Tuesday, February 23, 2010

A small step in the right direction

When you call a book the Greatest Battle, you would expect that the book would tell the story of, well, a battle. I suppose if you want to get metaphorical this book is about a sort of struggle, but not a military one. Rather it is about the Russian's people struggle to get a war won while Stalin was leading the country. The lopsided emphasis of the narrative makes the subtitle Stalin, Hitler, and the Desperate Struggle for Moscow That Changed the Course of World War II, all the more inappropriate.

The conflict between Stalin and Hitler is less known in the West than the much smaller war fought in North Africa, Italy and Normandy. This is too bad, as the Red Army was essential to breaking the break of Germany (Lend Lease and the bombing campaign were also vital, but also lack the heroic luster of democratic soldiers fighting totalitarian soldiers.) This book is not the one to learn how the Russians succeeded, but to learn about how, thanks to Stalin's policies, they nearly failed.

Author Andrew Nagorski is principally about how a series of bad decisions nearly gave the victory to Germany. Stalin ignored intelligence indicating an attack was coming. He purged senior and mid-level military leadership, making it difficult for large units to function. He put in place political commissar units that killed soldiers that tried to retreat. There is very little about the actual fighting in his story. General Zhukov makes a few appearances, but Nagorski is mostly concerned with Stalin.

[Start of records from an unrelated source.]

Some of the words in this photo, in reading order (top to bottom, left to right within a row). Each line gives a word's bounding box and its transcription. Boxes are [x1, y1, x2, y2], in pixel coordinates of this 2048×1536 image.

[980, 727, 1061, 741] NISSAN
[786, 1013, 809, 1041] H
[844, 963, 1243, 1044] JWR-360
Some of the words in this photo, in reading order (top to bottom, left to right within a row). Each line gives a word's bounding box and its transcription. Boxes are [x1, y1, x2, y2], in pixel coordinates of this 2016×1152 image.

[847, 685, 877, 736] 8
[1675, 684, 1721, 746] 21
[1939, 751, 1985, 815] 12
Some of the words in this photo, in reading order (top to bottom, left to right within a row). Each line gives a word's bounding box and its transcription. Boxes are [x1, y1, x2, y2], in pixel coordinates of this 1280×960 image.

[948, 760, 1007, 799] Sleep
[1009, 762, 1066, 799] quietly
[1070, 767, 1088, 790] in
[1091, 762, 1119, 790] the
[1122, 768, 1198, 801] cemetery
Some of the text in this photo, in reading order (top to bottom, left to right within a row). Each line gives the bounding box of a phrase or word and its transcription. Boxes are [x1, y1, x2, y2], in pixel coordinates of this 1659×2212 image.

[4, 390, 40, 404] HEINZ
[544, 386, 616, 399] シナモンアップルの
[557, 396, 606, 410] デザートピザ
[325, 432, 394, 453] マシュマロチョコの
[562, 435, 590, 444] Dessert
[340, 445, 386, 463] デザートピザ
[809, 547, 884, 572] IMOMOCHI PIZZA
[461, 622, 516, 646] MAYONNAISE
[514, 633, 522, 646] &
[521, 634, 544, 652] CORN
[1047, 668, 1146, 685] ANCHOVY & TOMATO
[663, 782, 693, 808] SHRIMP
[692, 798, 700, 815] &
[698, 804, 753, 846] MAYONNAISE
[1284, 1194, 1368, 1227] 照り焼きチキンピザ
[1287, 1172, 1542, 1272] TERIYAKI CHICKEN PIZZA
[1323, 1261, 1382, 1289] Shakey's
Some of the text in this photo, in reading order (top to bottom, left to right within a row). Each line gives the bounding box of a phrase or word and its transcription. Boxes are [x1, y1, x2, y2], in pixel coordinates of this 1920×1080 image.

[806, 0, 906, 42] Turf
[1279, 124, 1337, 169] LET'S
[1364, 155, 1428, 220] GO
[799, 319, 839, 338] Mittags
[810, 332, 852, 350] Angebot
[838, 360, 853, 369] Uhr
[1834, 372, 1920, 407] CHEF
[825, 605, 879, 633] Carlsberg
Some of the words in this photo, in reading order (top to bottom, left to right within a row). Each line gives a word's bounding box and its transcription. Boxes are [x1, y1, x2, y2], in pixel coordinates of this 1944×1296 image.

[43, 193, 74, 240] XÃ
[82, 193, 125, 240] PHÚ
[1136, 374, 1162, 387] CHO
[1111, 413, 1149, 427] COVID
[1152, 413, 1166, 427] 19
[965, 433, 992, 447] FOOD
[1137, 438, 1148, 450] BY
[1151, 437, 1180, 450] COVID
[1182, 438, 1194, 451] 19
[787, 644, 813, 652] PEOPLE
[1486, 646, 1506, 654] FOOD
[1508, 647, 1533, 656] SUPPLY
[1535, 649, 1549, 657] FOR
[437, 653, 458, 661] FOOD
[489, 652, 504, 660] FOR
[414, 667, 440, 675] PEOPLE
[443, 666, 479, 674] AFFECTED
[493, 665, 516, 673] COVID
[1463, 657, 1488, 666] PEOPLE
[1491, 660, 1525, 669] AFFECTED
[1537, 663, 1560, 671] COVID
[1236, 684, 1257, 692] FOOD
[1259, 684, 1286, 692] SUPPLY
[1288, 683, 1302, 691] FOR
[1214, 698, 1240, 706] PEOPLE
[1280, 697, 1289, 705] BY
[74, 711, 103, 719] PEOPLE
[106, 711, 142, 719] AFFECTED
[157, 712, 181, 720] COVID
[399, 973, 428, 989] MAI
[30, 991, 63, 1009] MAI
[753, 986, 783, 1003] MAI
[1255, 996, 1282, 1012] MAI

You won't get much information about the actual fighting and you don't get much information about the Nazis or Hitler either. The latter is excusable in that anyone reading a history book is going to be well versed in Nazi atrocities. They may not know about the einsatzgruppen, which Nagorski does detail. It does, though, make the titles misleading.

The number of popular books written about the Eastern front is pitifully small compared to that of the Western front. For that fact alone, this one has value. It just isn't what it could be.